Nel suo volume Il mio Liszt lei ha tentato di offrire una prospettiva diversa – non soltanto in termini di interpretazione ma anche di ascolto – su uno dei più importanti compositori del periodo romantico, spesso percepito dal grande pubblico solo attraverso la lente del virtuosismo. Crede che bisognerebbe approfittare delle celebrazioni debussyane per procedere ad una operazione simile, tenendo ovviamente conto dello specifico del compositore francese? Se sì, quale aspetto analitico andrebbe secondo lei privilegiato? «Lo stato dell’interpretazione lisztiana è ben diverso da quello della musica di Debussy: al pianismo del primo si avvicina la stragrande maggioranza dei giovani esecutori con l’ambizione di competere con il più grande pianista della storia, quindi in una fase adolescenziale. Alla musica di Debussy si avvicinano gli strumentisti maturi, attratti certamente non dall’esibizione muscolare ma dalla ricerca di sonorità specifiche. Debussy affascinerà sempre i pianisti più sensibili e non avrà bisogno che di una fondamentale puntualizzazione. Il Debussy giovanile è tardo romantico alla francese, quello maturo e consapevole della propria personalità, impressionista; quello tardo, simbolista. Le tre fasi hanno bisogno di diversi approcci, sia sintattici sia timbrici. Si tende, per semplice ignoranza, ad appiattire Debussy al suono impressionista, ovvero opaco e “leggero”. Ovviamente è giusto, ma non esso può coprire l’intero arco creativo del compositore francese».

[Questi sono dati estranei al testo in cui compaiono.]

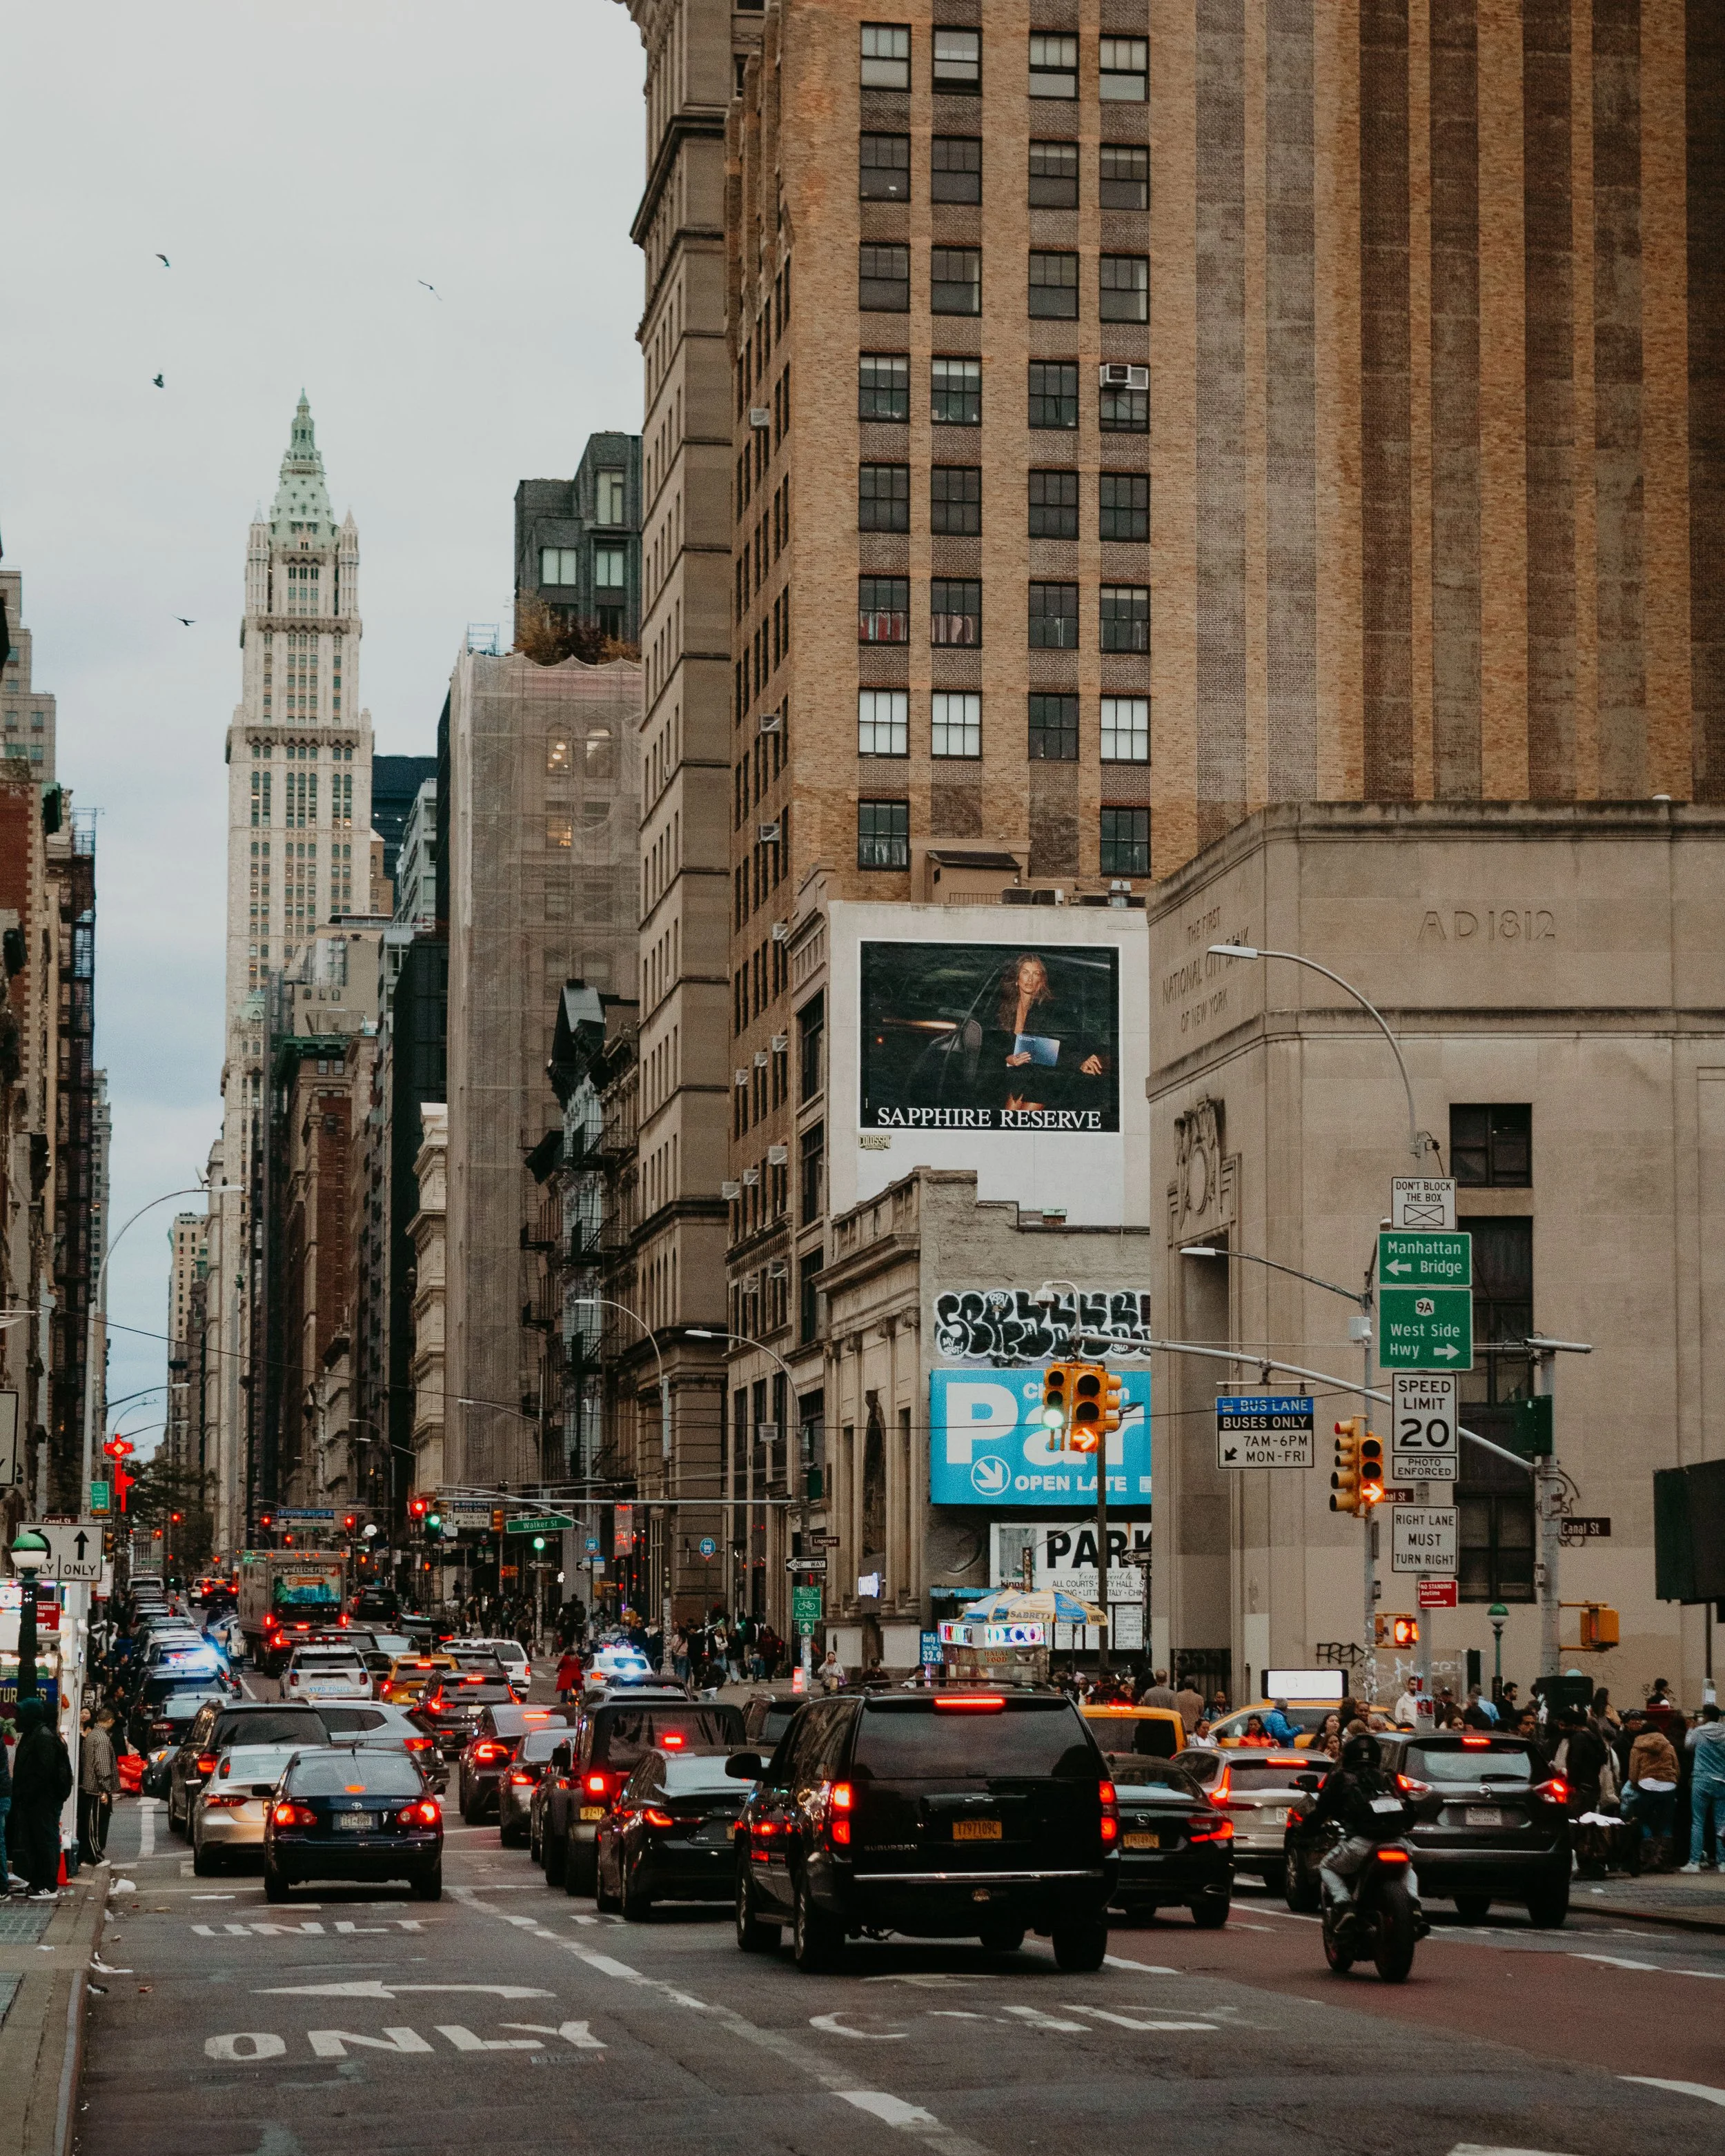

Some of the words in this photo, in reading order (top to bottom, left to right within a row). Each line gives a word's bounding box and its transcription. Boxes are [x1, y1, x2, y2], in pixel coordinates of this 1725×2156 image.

Nello stesso volume non sono pochi i parallelismi creati tra le questioni musicali e le probematiche estetiche afferenti ad altre discipline. Quanto può essere d’aiuto, nel perfezionamento della propria poetica interpretativa, la confidenza con altri campi del sapere umano? «Mi rendo conto di essere parte di una minoranza che considera l’interpretare un atto culturale. In un lontano 1976, alla mia prima tournée in Giappone, osai dire in conferenza stampa che la musica di Beethoven richiedeva l’approfondimento della filosofia di Kant e degli idealisti. Fui deriso. Ma non ho cambiato idea. Moltissime intuizioni vengono dalla frequentazione di altre arti, di altri strumenti musicali, della voce e della recitazione. Avere a disposizione della propria visione un ampio spettro di esperienze umane nel campo dell’arte non può che arricchire le prospettive interpretative. Ne sono profondamente convinto».
La musica classica sta vivendo un periodo di passaggio generazionale molto importante. Qual è la sua sensazione al riguardo e quali le sue impressioni sulle nuove generazioni di ascoltatori e di esecutori? «Le mie esperienze didattiche non sono molto positive: i giovani hanno fretta e sono influenzati dall’idea che assommando esperienze diverse e contradditorie si possa ricavarne una sintesi. A questa ipotesi non credo. Penso che la musica avrà nel futuro sempre più necessità di una preparazione accurata e una mentalità d’élite. Quindi una riduzione della platea degli studenti di livello, in netta distinzione con la massa dei candidati pianisti».
Lei sarà tra i docenti impegnati nei corsi di perfezionamento di Villa Pennisi a Catania. Quali sono gli aspetti della tecnica pianistica e dell’interpretazione del repertorio che le stanno maggiormente a cuore in qualità di didatta? «Impossibile dirlo in due parole: posso tentare uno slogan. La preparazione tecnica è sempre e in ogni caso al servizio dell’idea musicale: senza quest’ultima il virtuosismo è un’esibizione stupida. Le due cose devono quindi camminare in modo parallelo ed omogeneo. Prima di parlare della musica da eseguire occorre guardarsi suonare e analizzare i propri atteggiamenti nei confronti dello strumento e dell’ascolto».
Un’ultima curiosità che esula dalle questioni musicali. Nel suo libro L’uovo alla kok Aldo Buzzi ha detto: “Il vero cuoco non assaggia, è un po’ come il pianista che suona senza guardare la tastiera”. Le piace la cucina? È un buon cuoco? «Sono un pessimo cuoco, ma apprezzo la cucina come una necessità primaria che in qualche occasione è in grado di trasformarsi in arte».